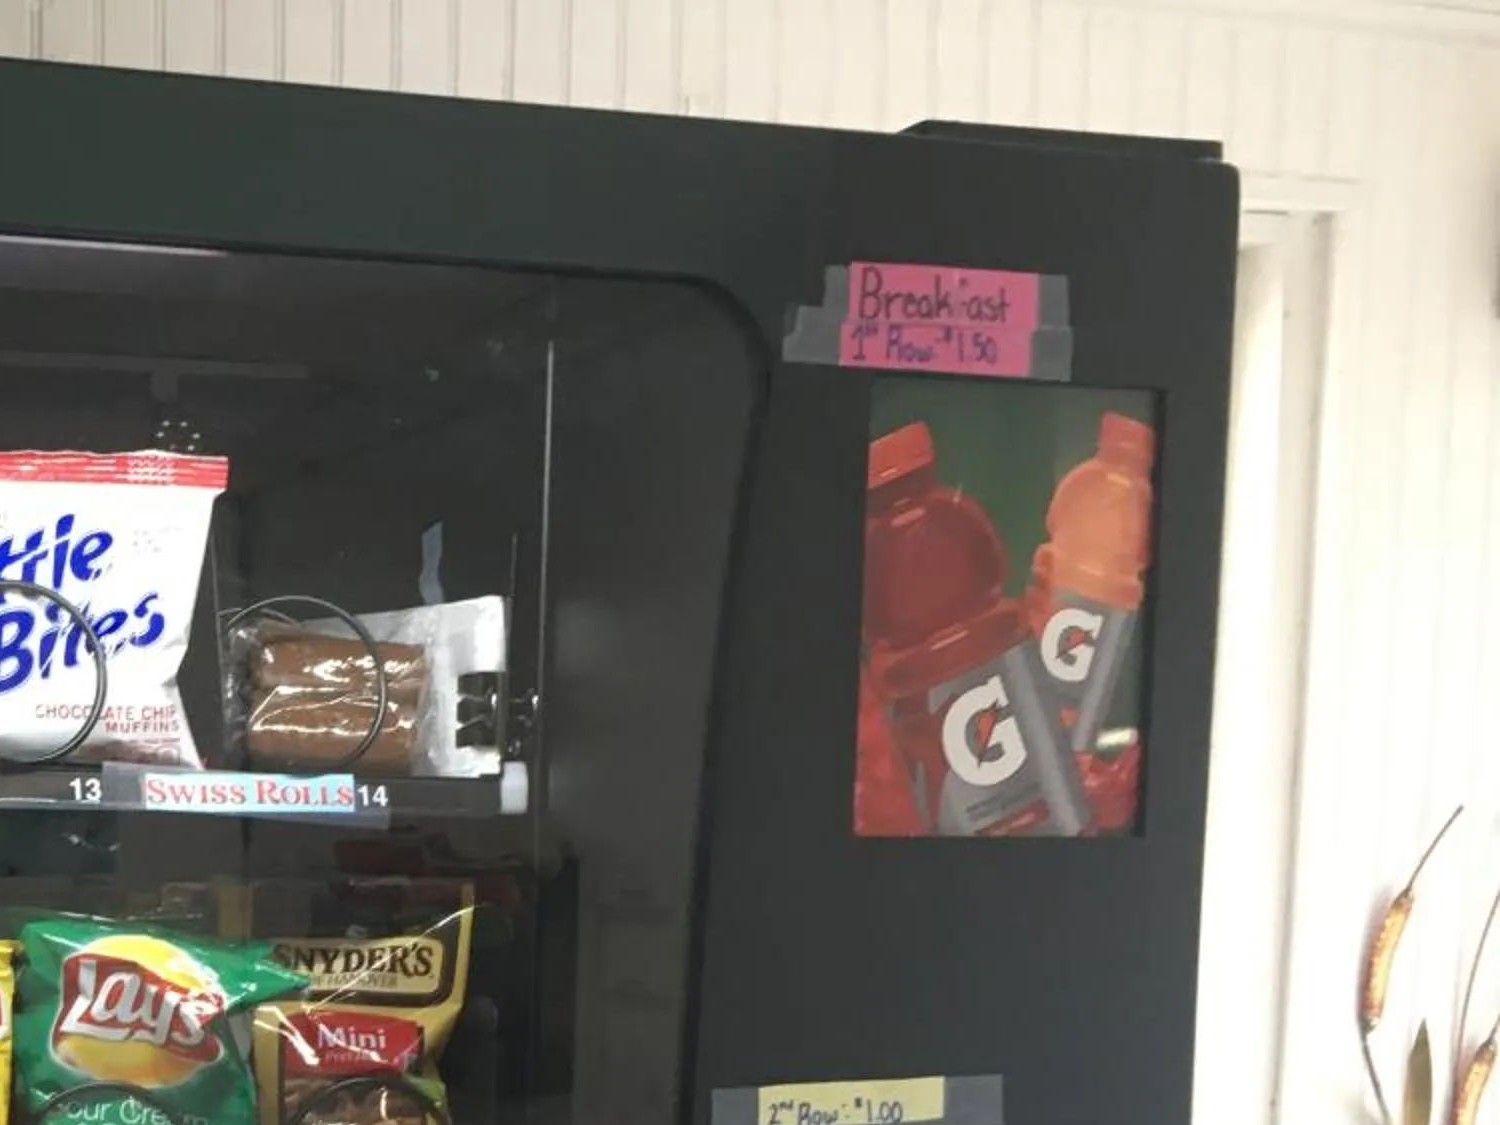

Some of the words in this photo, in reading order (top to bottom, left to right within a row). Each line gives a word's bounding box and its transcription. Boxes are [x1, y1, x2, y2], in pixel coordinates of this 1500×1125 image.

[1041, 607, 1104, 682] G
[35, 703, 135, 721] CHOCOATE
[141, 704, 177, 721] CHIP
[104, 720, 181, 734] MUFFINS
[942, 675, 1028, 787] G
[68, 777, 103, 802] 13
[358, 784, 389, 807] 14
[273, 943, 433, 978] SNYDER'S
[317, 1024, 387, 1050] Mini
[57, 1101, 111, 1121] our

++++++

• [PROBLEM DESCRIPTION] Pictures in the entries are to be skipped, and everything else repeated word for word.

• [ANSWER SECTION]
Some of the words in this photo, in reading order (top to bottom, left to right within a row). Each line gives a word's bounding box and its transcription. Boxes are [x1, y1, x2, y2], in pixel coordinates of this 1500×1125 image.

[1041, 607, 1104, 682] G
[35, 703, 135, 721] CHOCOATE
[141, 704, 177, 721] CHIP
[104, 720, 181, 734] MUFFINS
[942, 675, 1028, 787] G
[68, 777, 103, 802] 13
[358, 784, 389, 807] 14
[273, 943, 433, 978] SNYDER'S
[317, 1024, 387, 1050] Mini
[57, 1101, 111, 1121] our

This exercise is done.